* _Work to complete_
With pictures omitted, restate the data word for word.

Phrase grounding data
■ ■ ■ ■ ■ ■ ■

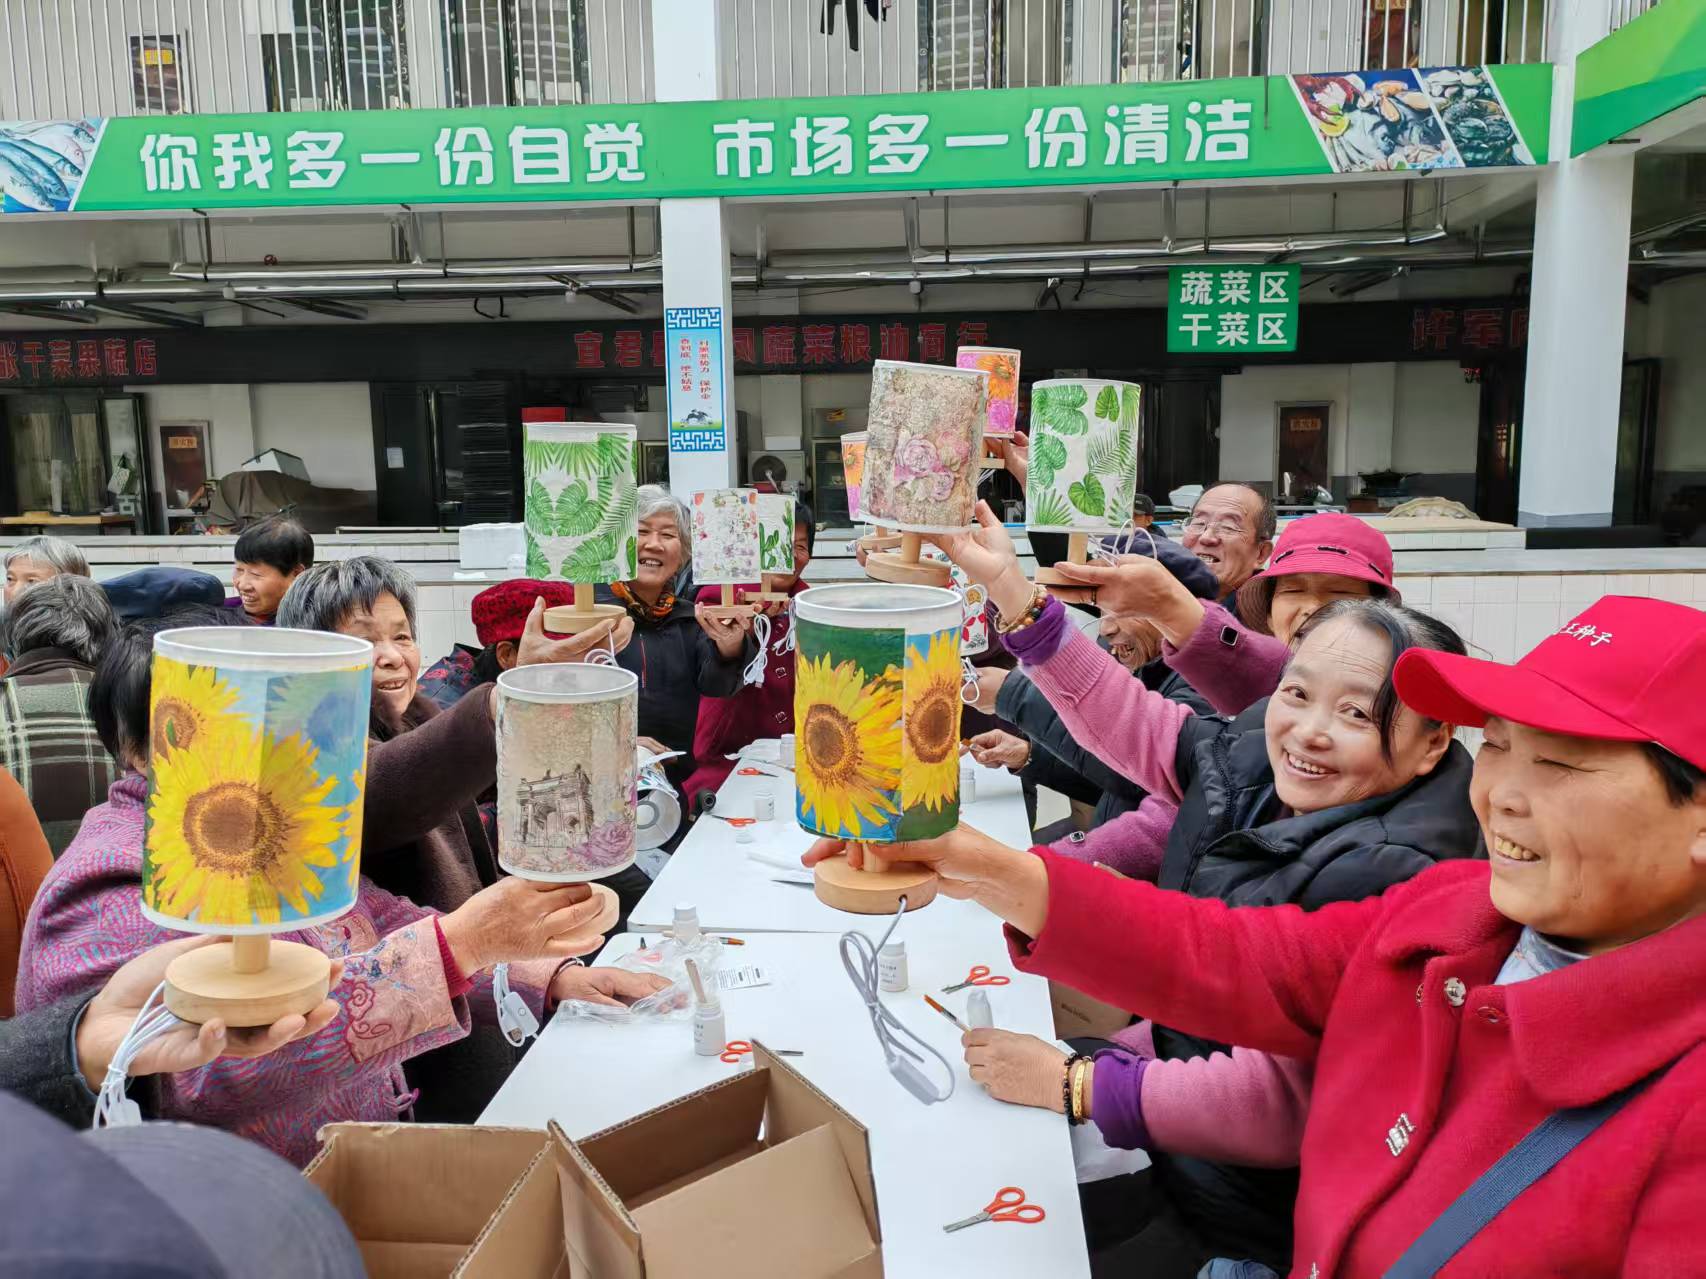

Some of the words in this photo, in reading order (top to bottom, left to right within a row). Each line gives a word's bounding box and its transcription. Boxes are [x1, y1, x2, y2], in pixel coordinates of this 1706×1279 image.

[140, 123, 645, 192] 你我多一份自觉
[714, 99, 1252, 177] 市场多一份清洁
[1180, 272, 1289, 305] 蔬菜区
[1179, 313, 1288, 346] 干菜区
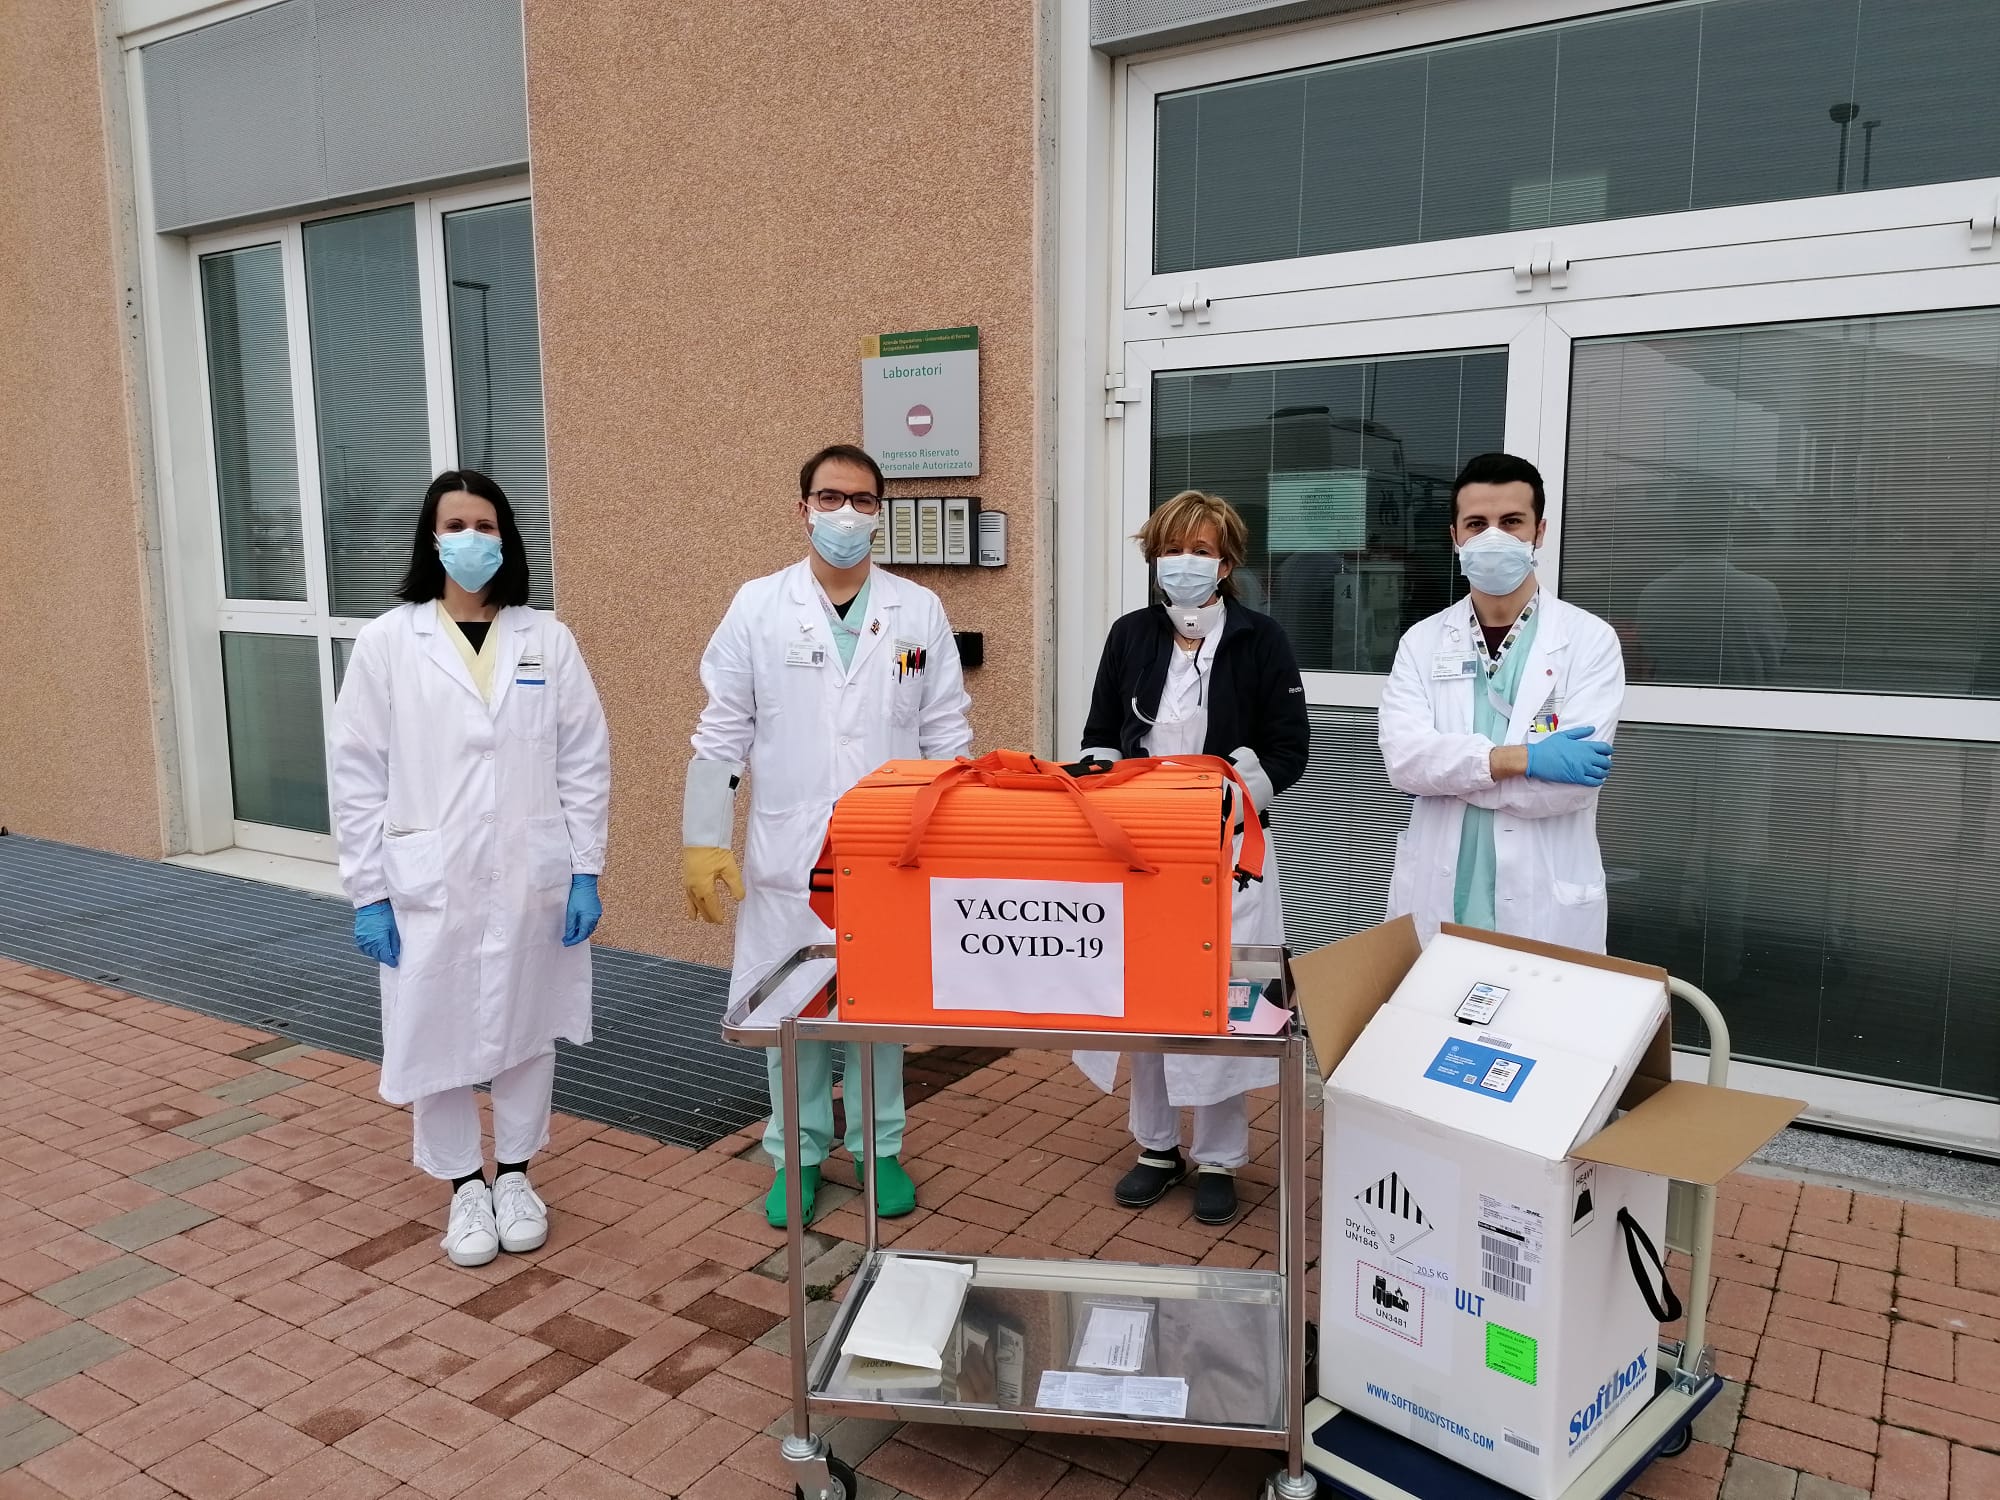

■ ■ ■ ■ ■ ■ ■

* _Result for this exercise_
Some of the words in this photo, in reading order (top to bottom, left to right within a row). Each line gives a word's bounding box and its transcription. Boxes are [x1, y1, x2, y2], in pixel coordinates of this 1706×1279 image.

[140, 123, 645, 192] 你我多一份自觉
[714, 99, 1252, 177] 市场多一份清洁
[1180, 272, 1289, 305] 蔬菜区
[1179, 313, 1288, 346] 干菜区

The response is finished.